(Stored dataset items)
++++++++++++++++++++

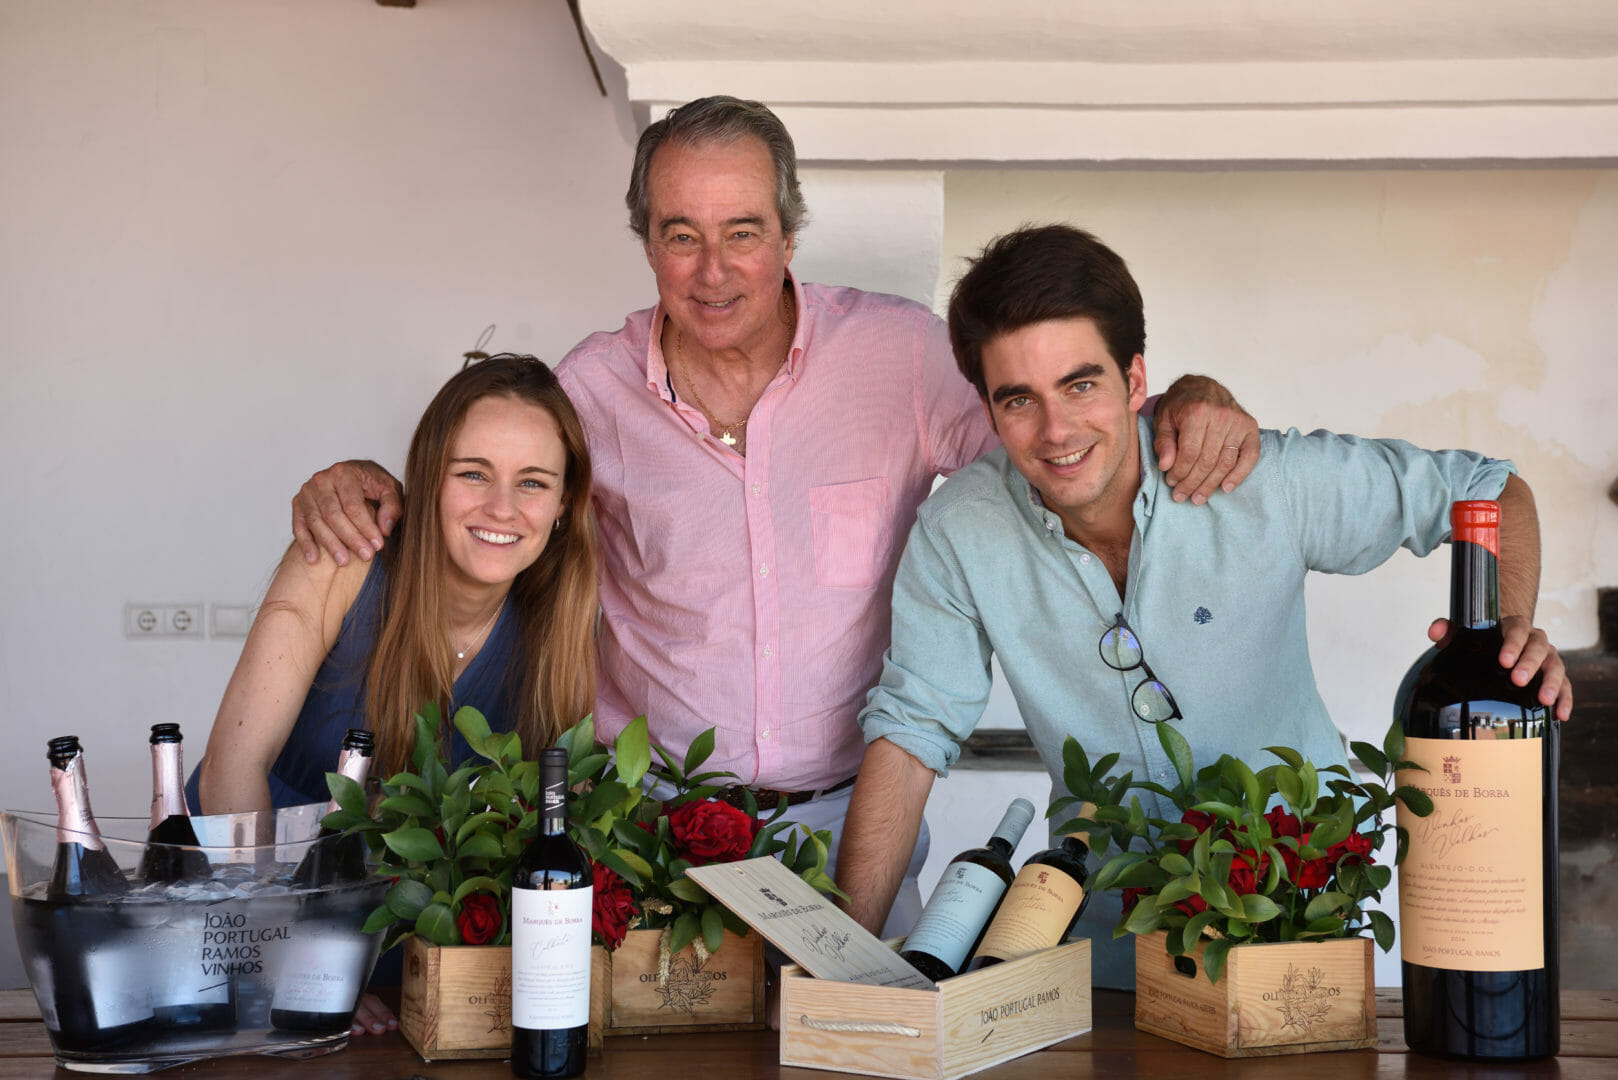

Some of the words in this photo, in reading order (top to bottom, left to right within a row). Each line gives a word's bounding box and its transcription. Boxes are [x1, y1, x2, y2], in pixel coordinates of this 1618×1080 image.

[1454, 788, 1470, 798] DE
[1472, 786, 1511, 799] BORBA
[203, 911, 246, 930] JOÃO
[203, 926, 292, 945] PORTUGAL
[202, 944, 261, 961] RAMOS
[201, 960, 263, 977] VINHOS
[1000, 995, 1036, 1019] PORTUGAL

++++++++++++++++++++

- [WHAT IS REQUIRED]:
Return the entries verbatim, pictures excluded.

- [SOLVED EXERCISE]:
Some of the words in this photo, in reading order (top to bottom, left to right within a row). Each line gives a word's bounding box and its transcription. Boxes are [x1, y1, x2, y2], in pixel coordinates of this 1618×1080 image.

[1454, 788, 1470, 798] DE
[1472, 786, 1511, 799] BORBA
[203, 911, 246, 930] JOÃO
[203, 926, 292, 945] PORTUGAL
[202, 944, 261, 961] RAMOS
[201, 960, 263, 977] VINHOS
[1000, 995, 1036, 1019] PORTUGAL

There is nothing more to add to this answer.